[TASK INPUT]

____

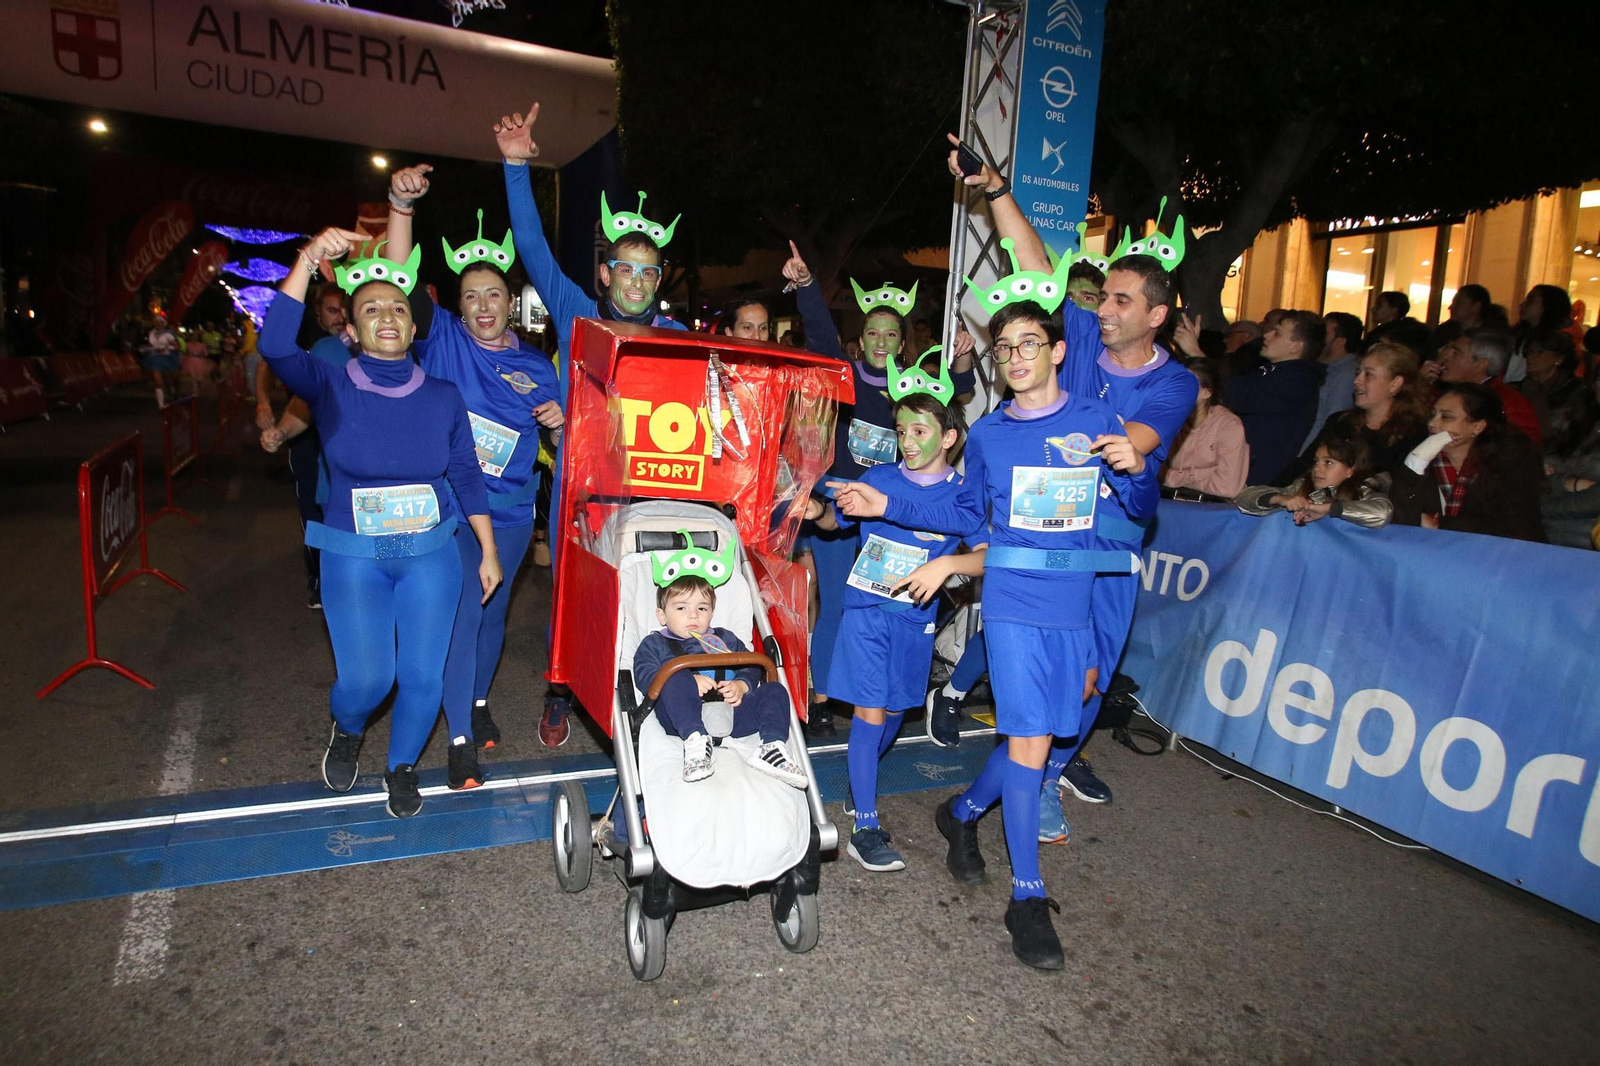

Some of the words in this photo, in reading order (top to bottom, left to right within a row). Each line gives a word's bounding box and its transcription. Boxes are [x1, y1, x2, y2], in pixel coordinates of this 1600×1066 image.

[186, 6, 447, 92] ALMERÍA
[186, 59, 325, 106] CIUDAD
[1045, 110, 1066, 123] OPEL
[1022, 174, 1032, 184] DS
[1033, 176, 1080, 192] AUTOMOBILES
[1032, 201, 1064, 215] GRUPO
[1056, 220, 1075, 232] CAR
[607, 397, 732, 456] TOY
[477, 434, 505, 454] 421
[636, 461, 695, 480] STORY
[1053, 486, 1087, 503] 425
[392, 500, 427, 518] 417
[884, 558, 918, 576] 427
[1203, 628, 1600, 868] depor
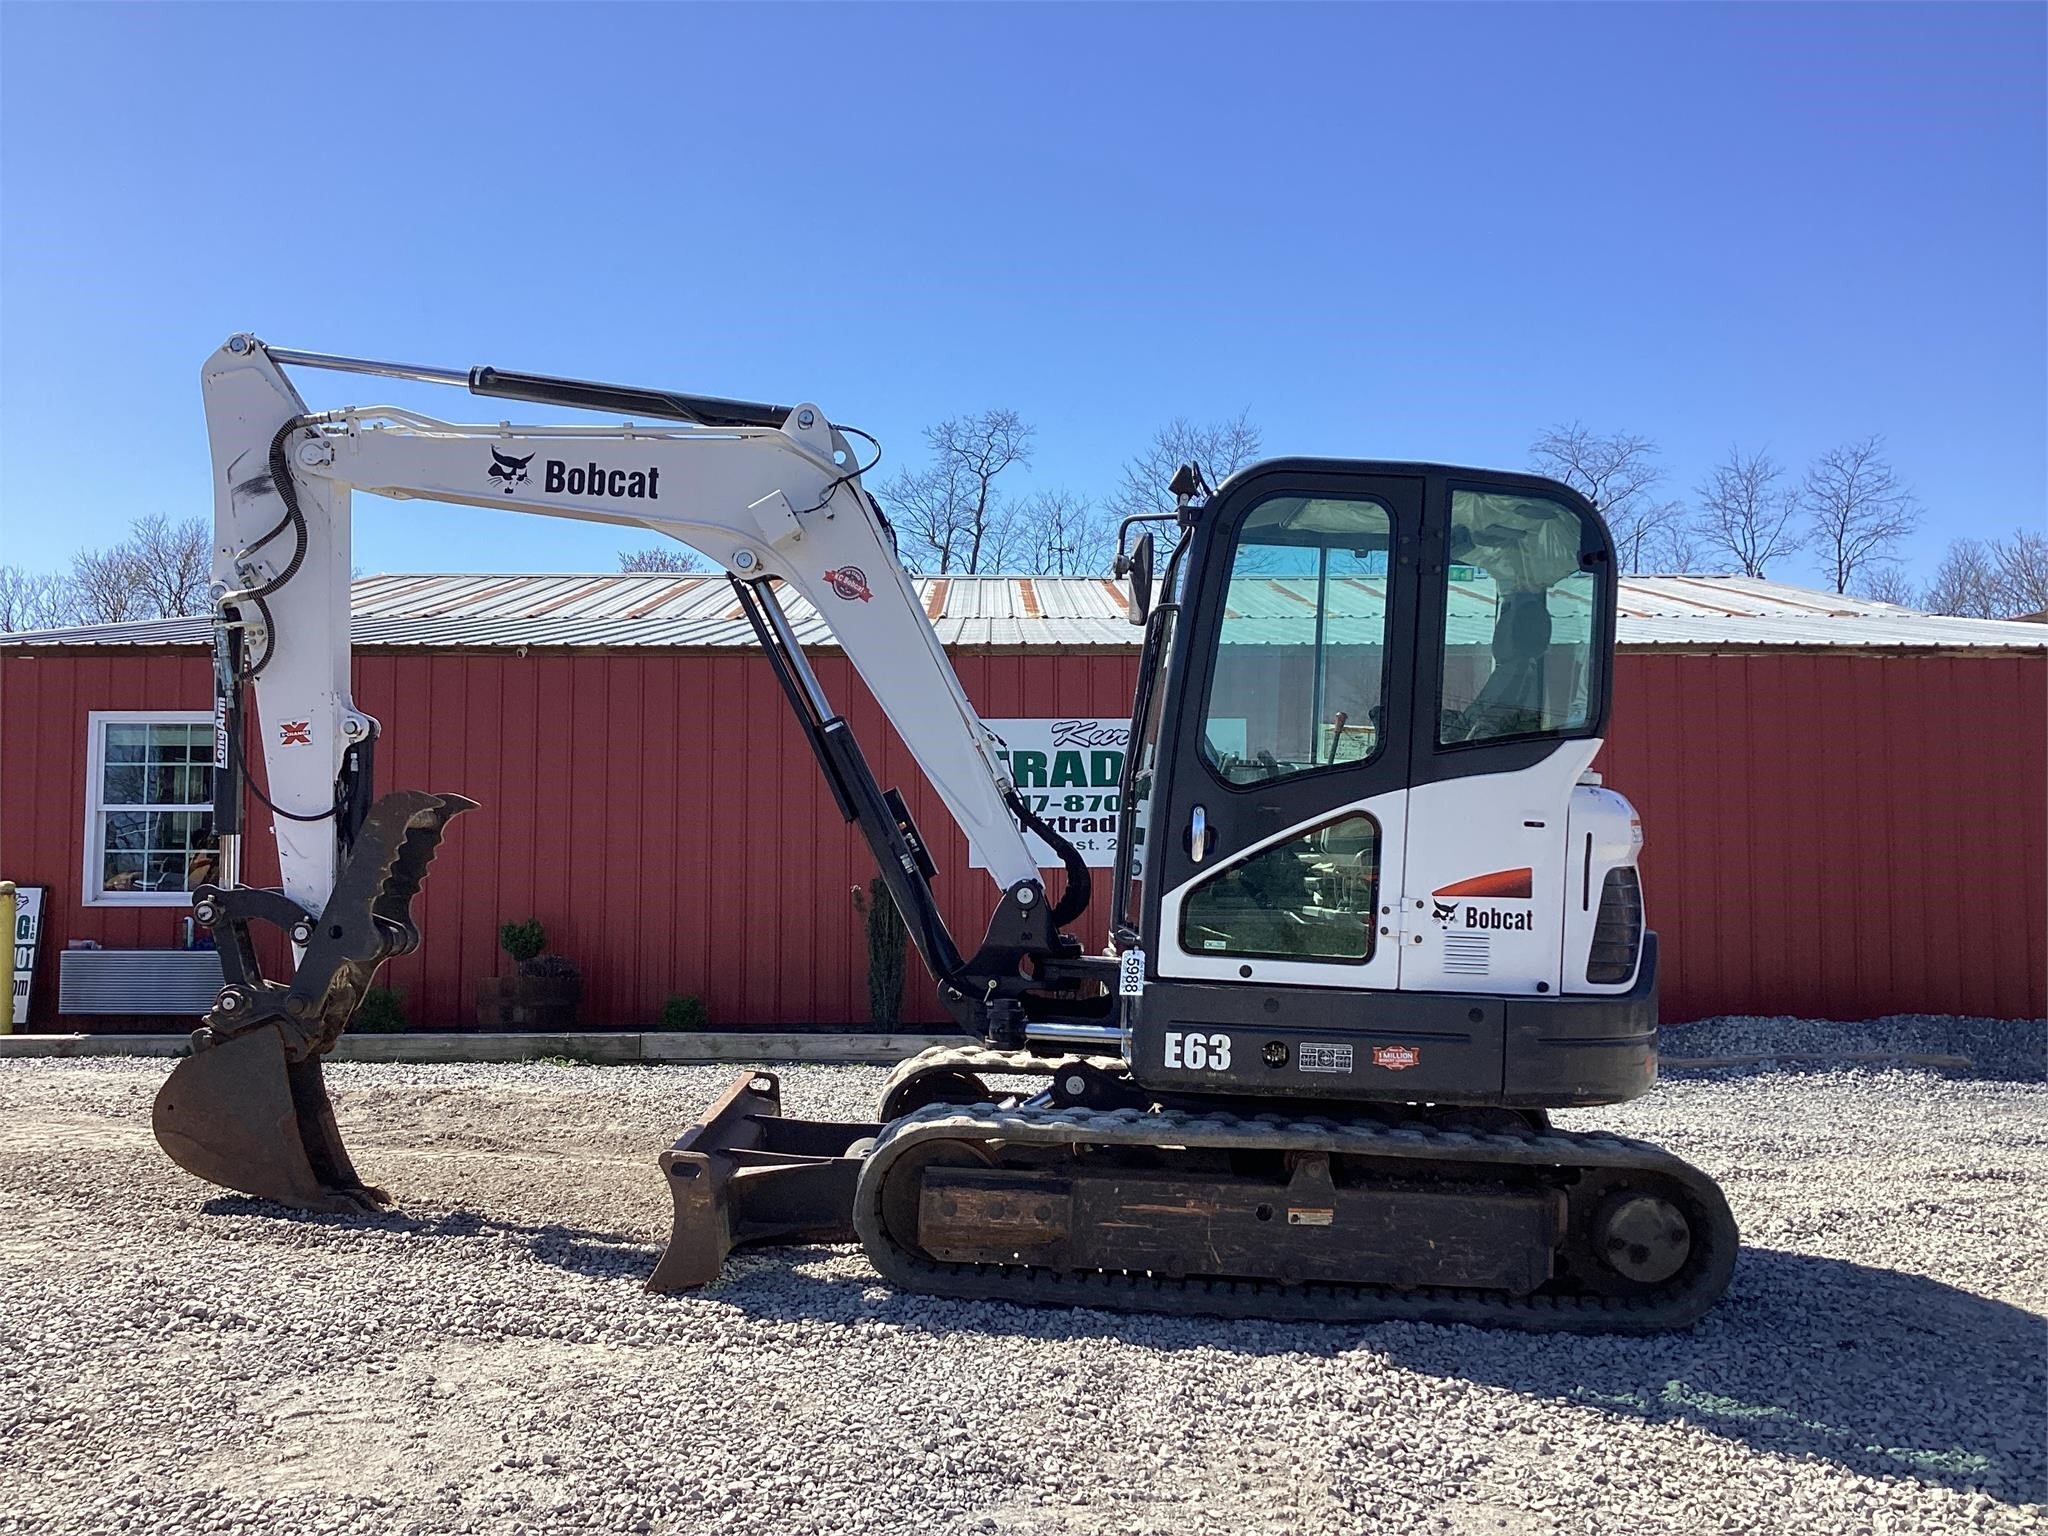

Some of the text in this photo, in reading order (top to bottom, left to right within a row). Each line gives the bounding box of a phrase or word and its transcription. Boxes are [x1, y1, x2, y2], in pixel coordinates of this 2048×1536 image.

[545, 460, 660, 500] Bobcat
[215, 697, 228, 769] LongArm
[1072, 838, 1100, 851] st.
[16, 915, 31, 940] G
[1465, 906, 1534, 931] Bobcat
[14, 946, 35, 969] 01
[1125, 957, 1140, 993] 5988
[1164, 1032, 1232, 1071] E63
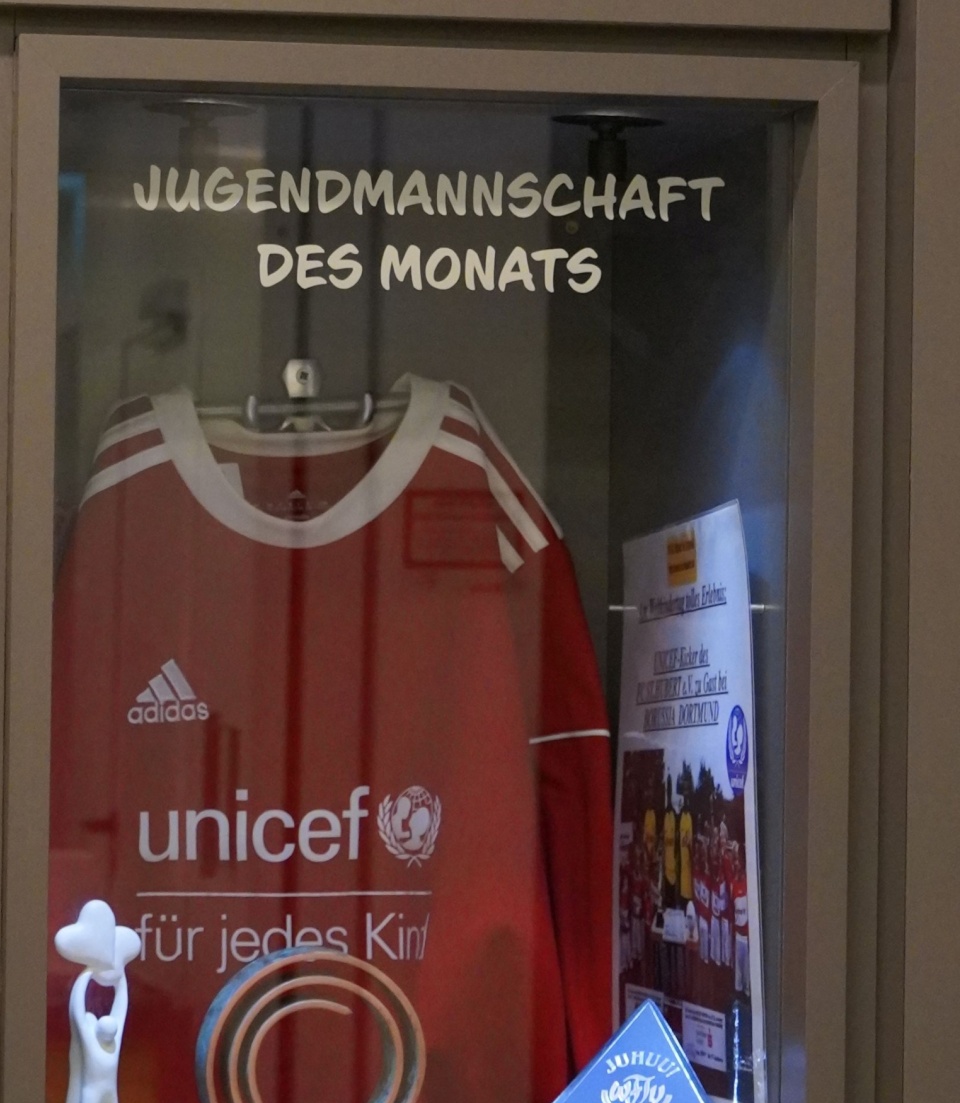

____

[WHAT YOU WILL DO]
Your answer must be an exact copy of the lines from the line with "Some of the text" to the final line of the data, both ends included, and no pictures.

[ANSWER BOX]
Some of the text in this photo, in reading order (top to bottom, left to right within a row). Each line gives the bounding box of a phrase or word and its transcription. Boxes are [x1, y1, x2, y2], in pixel coordinates of this 2048×1536 image.

[545, 460, 660, 500] Bobcat
[215, 697, 228, 769] LongArm
[1072, 838, 1100, 851] st.
[16, 915, 31, 940] G
[1465, 906, 1534, 931] Bobcat
[14, 946, 35, 969] 01
[1125, 957, 1140, 993] 5988
[1164, 1032, 1232, 1071] E63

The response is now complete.